I would recommend referring to this for the next few subsections of the article.

The Left Buttons

Starting at the top left, you can see an icon with what looks like a simplified head and shoulder with a number below it. This is the amount of friends that you currently have online. Though you may not have any friends at the moment, I will show you how to add players to your Friends List and manage said list later in this article.

Right below it you will see a chat bubble icon. When you click it you will see this:
From here you can see the various types of chat you can type in. Clicking on any of the chat channel options above "Language" will permit you to type to that channel if possible (otherwise it will type it in Say). Since there will be a better point to explain the chat channels system, I will discuss it in a bit.

As you can see, it's also possible to access your Languages tab from here (by default, Alliance characters speak Common and Horde characters speak Orcish, and only characters of the same faction as you will be able to understand these two languages). If you are a race other than Human or Orc, you will be able to access an addition language that is native to your character's race that only other characters of your race can understand. Languages only work in Say, Guild, Party, and Yell chat.

You can also use voice emotes from here, such as /silly to tell a joke. These are purely for flavor and don't directly affect gameplay. They can be used almost anywhere, so they are fun to pass the time with.

You can also open your macro window from here (or type /m in chat). Macros, however, are pretty complex so this will be covered much later on.
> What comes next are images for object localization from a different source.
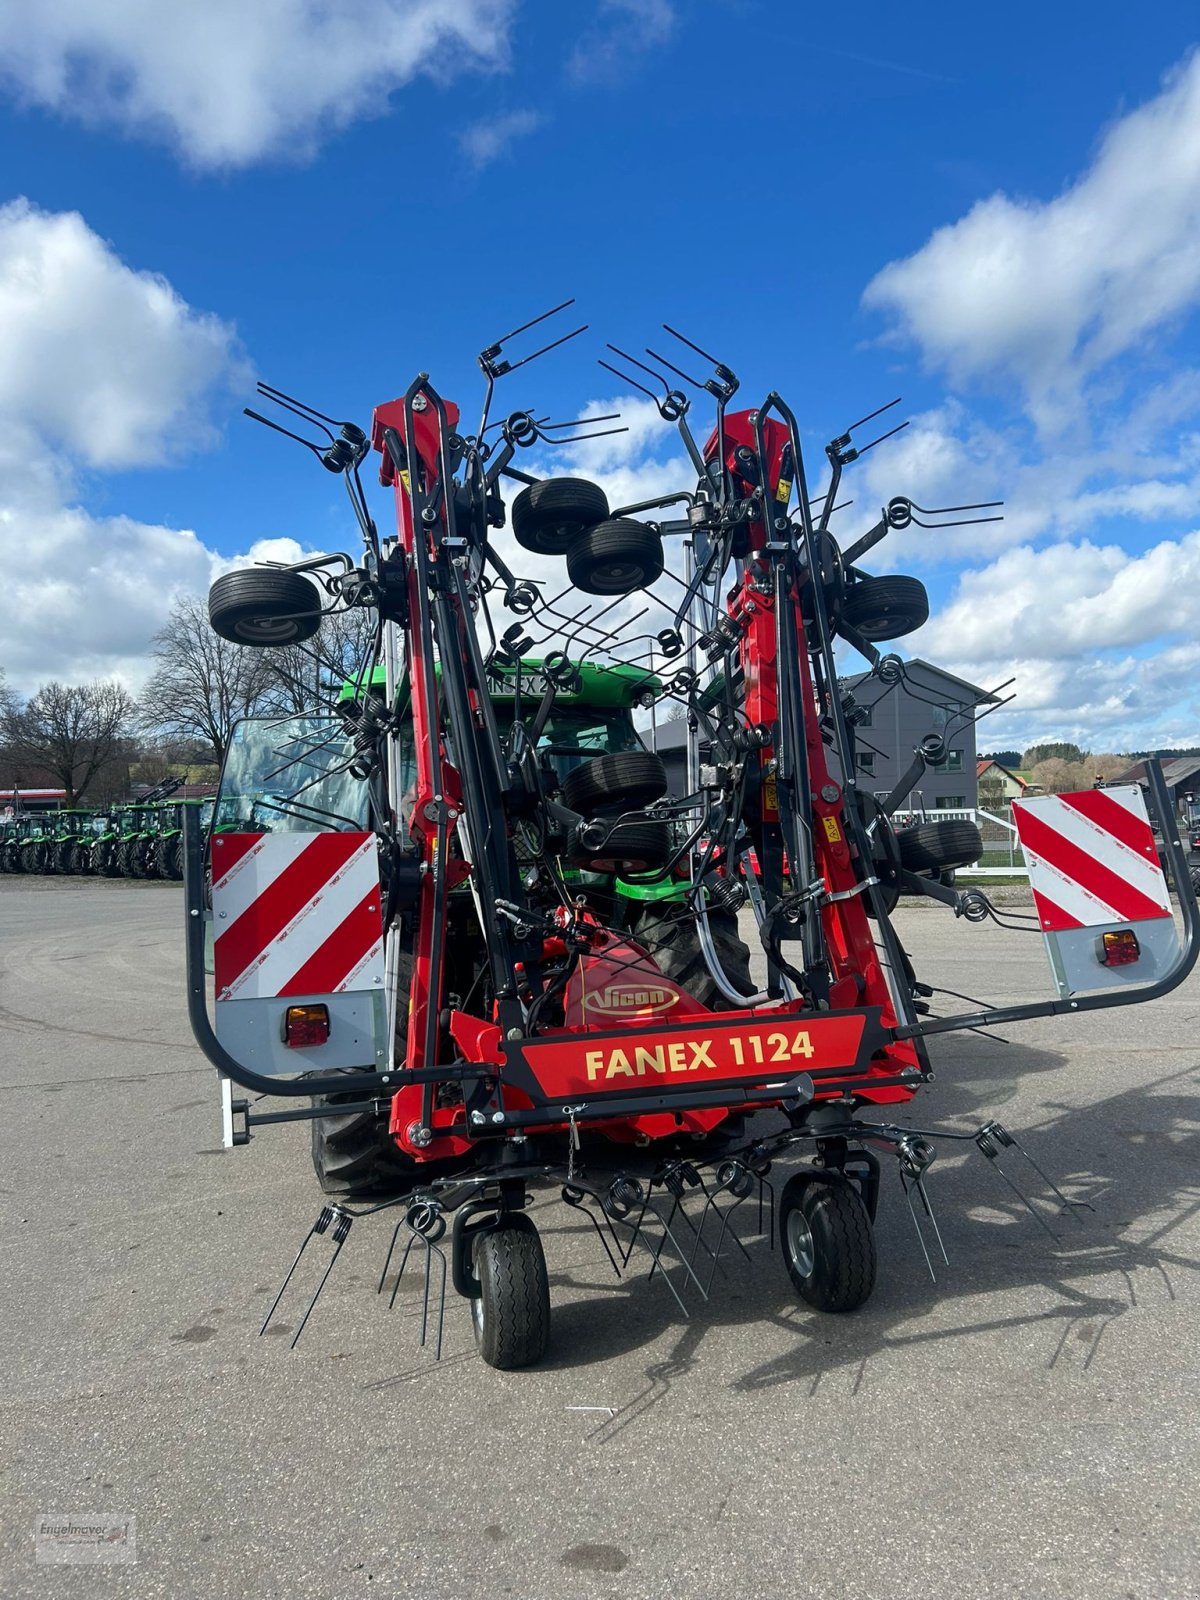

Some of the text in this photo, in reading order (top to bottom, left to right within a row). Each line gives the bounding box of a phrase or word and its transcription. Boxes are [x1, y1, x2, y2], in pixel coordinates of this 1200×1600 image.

[592, 986, 665, 1009] Vicon
[585, 1031, 815, 1080] FANEX 1124
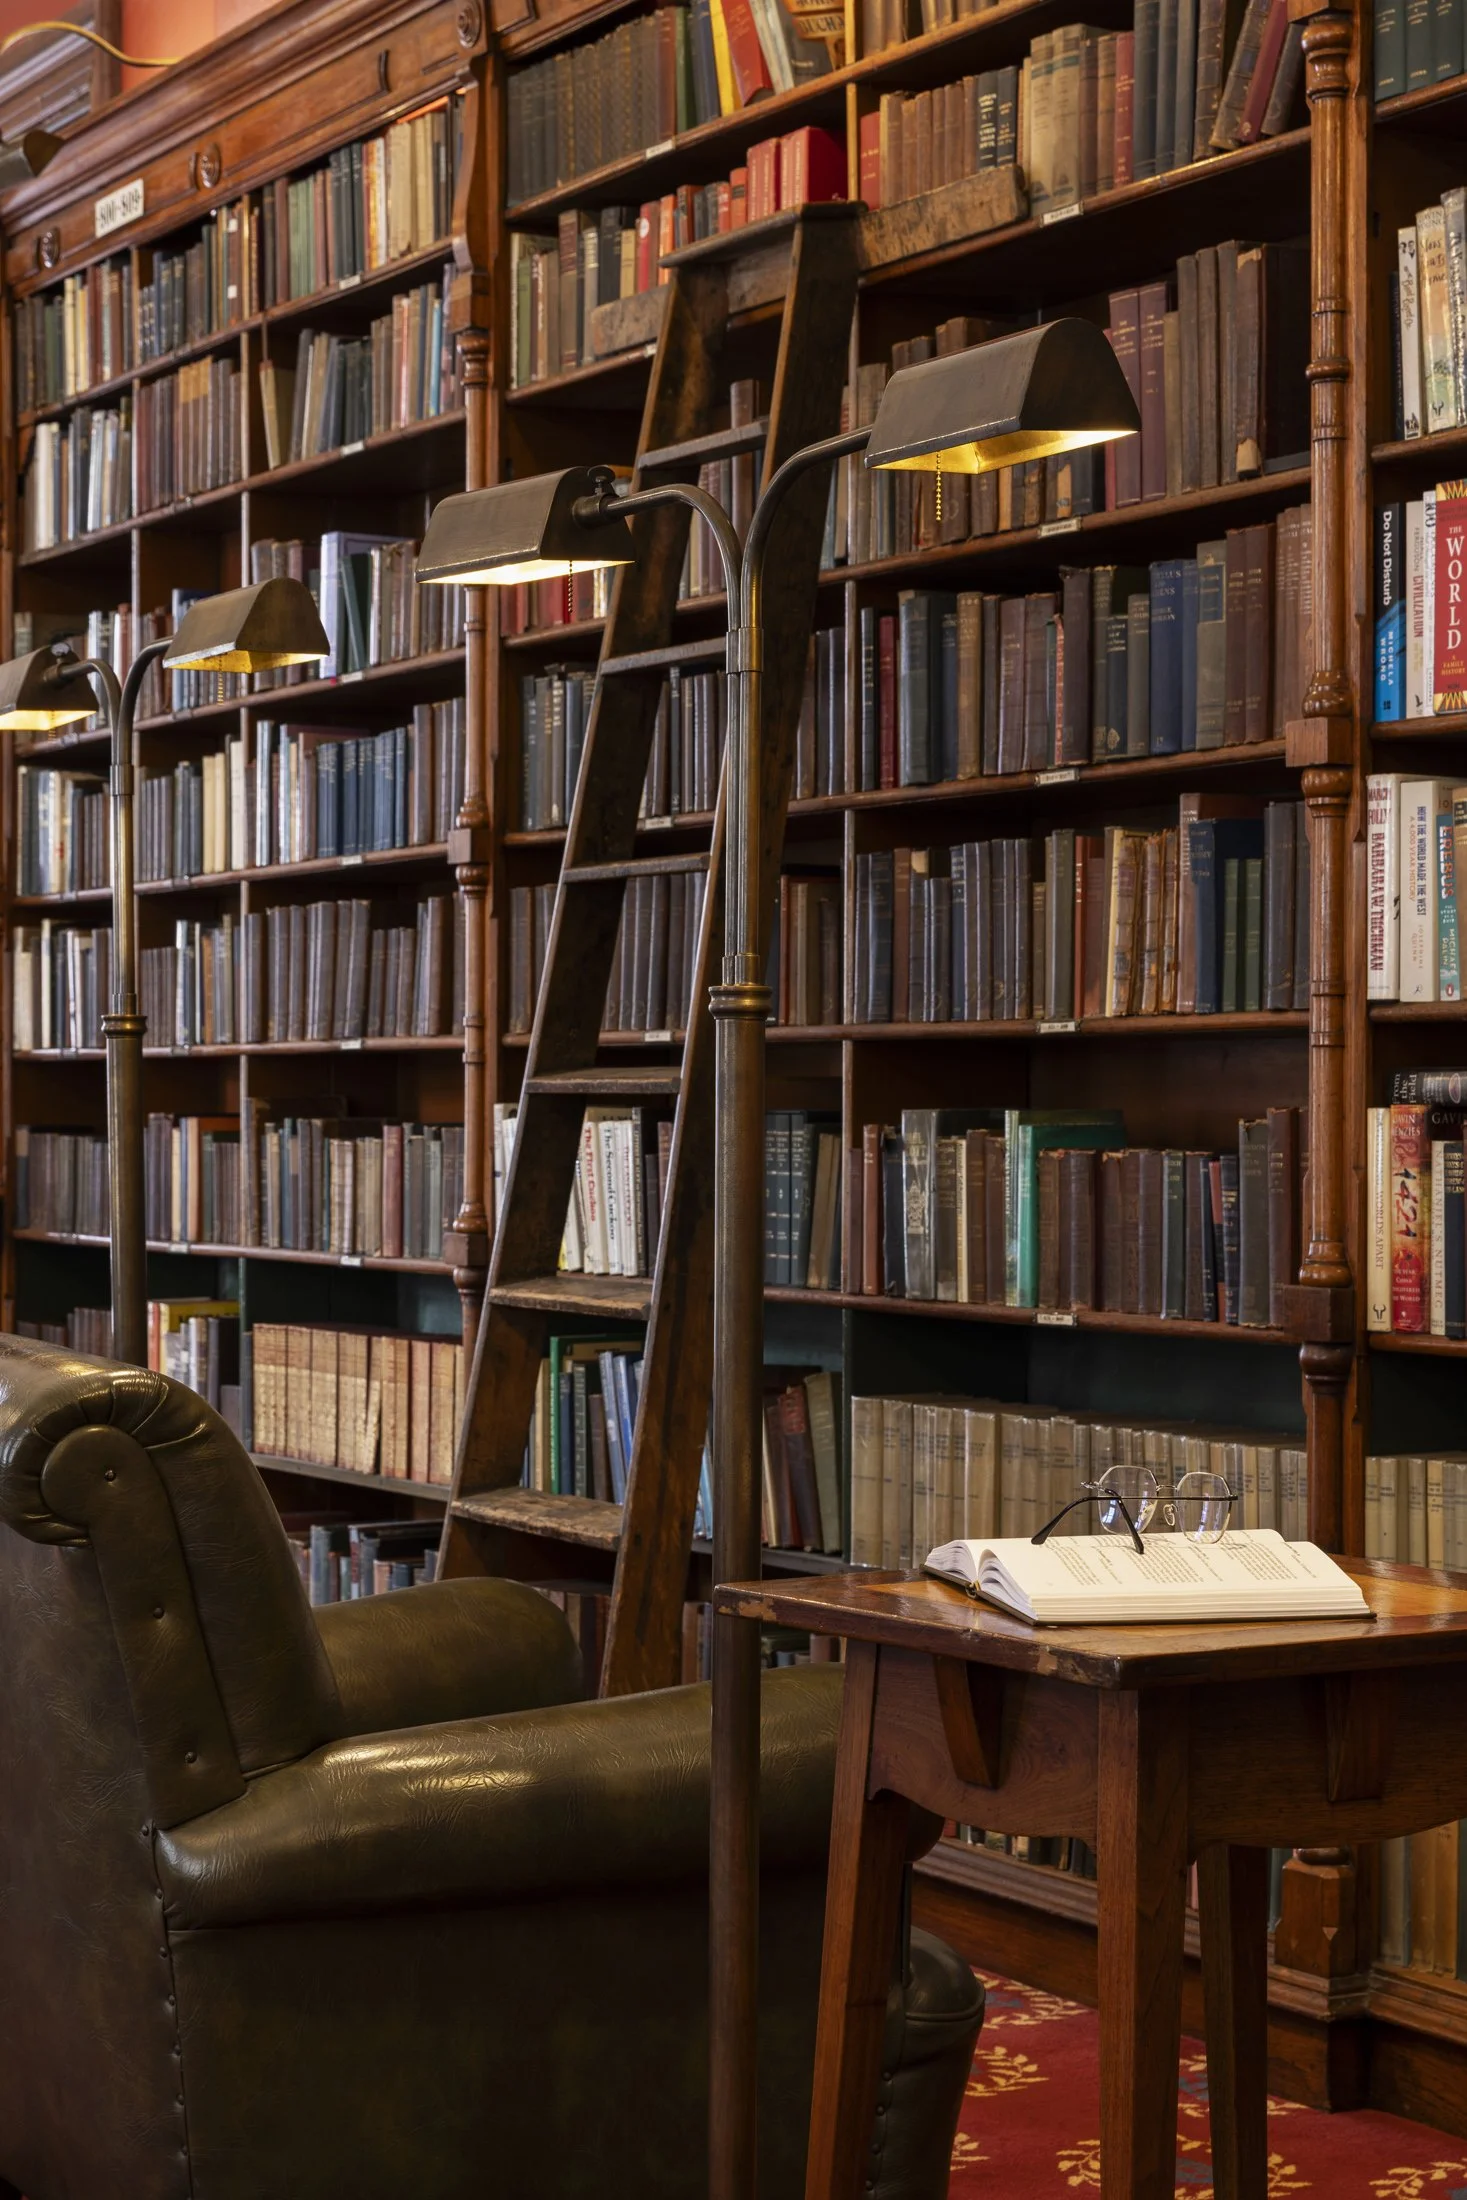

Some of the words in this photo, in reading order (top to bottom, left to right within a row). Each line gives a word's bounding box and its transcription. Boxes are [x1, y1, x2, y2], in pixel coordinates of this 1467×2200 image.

[1383, 510, 1392, 531] Do
[1449, 526, 1462, 535] THE
[1383, 532, 1392, 556] Not
[1383, 557, 1392, 606] Disturb
[1446, 536, 1465, 650] WORLD
[1413, 575, 1424, 638] CIVILIZATION
[1441, 668, 1466, 676] HISTORY
[1443, 660, 1464, 669] FAMILY
[1417, 806, 1427, 822] HOW
[1417, 824, 1427, 836] THE
[1417, 838, 1427, 861] WORLD
[1371, 832, 1385, 893] BARBARA
[1417, 863, 1427, 882] MADE
[1439, 825, 1455, 899] EREBUS
[1417, 884, 1427, 896] THE
[1417, 897, 1427, 916] WEST
[1370, 909, 1384, 971] TUCHMAN
[1400, 1080, 1409, 1098] the
[1408, 1074, 1418, 1104] Field
[1431, 1112, 1464, 1124] GAVI
[583, 1128, 593, 1149] The
[603, 1128, 614, 1150] The
[585, 1151, 595, 1177] First
[604, 1151, 616, 1193] Second
[587, 1180, 597, 1222] Cuckoo
[1393, 1168, 1418, 1238] 1421
[607, 1195, 617, 1240] Cuckoo
[1375, 1191, 1384, 1236] WORLDS
[1375, 1236, 1384, 1270] APART
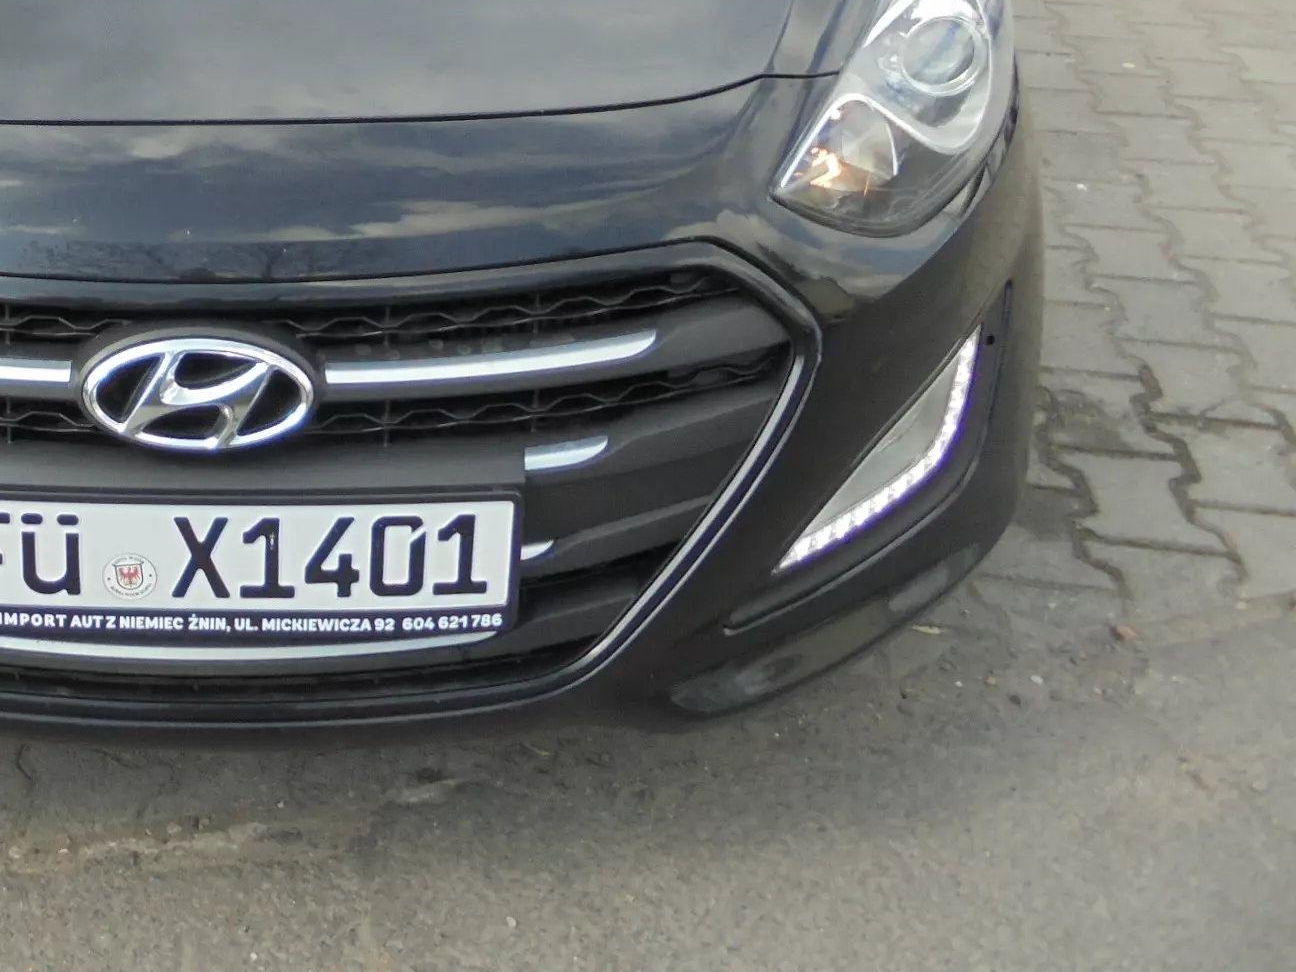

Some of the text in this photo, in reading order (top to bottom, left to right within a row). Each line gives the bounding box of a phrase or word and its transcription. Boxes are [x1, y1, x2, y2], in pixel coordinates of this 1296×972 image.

Below this chat bubble icon are three arrows,  as shown below:
These control what you see in the chat window. While it is possible to resize the chat window to see more in your chat window, the chat window can only show so much and so you can use the "up" arrow to move up (to a point) to see chat history, and use the "down" arrow to move down. You can hold the aforementioned arrows to make the chat history move faster. You can also click the underlined "down" arrow to move your chat history down to the most recent messages. Your mousewheel, when moused over the chat window, can also move chat history (mousewheel up for less recent, mousewheel down for more recent).

The Top Tabs/Chat Window Tab

Referring back to the picture above, there are two tabs at the top of the chat window, named "General" and "Combat Log." The General window shows most of the standard chat, such as conversations between other players through the various chat channels and system messages. For now, try switching between the chat windows by clicking the faded Combat Log tab. This will switch to the Combat Log, showing something like this:
In this window you can see various types of messages you normally want flooding your chat window, such as profession actions, damage/healing dealt and taken, experience gains, and so on. I don't recommend setting your main chat window to this one. However, if you like seeing this sort of information, you can decouple it from the main window by clicking the tab and dragging it out to somewhere else on your user interface. If you ever wish to reverse this, drag the Combat Log window on top of the General window.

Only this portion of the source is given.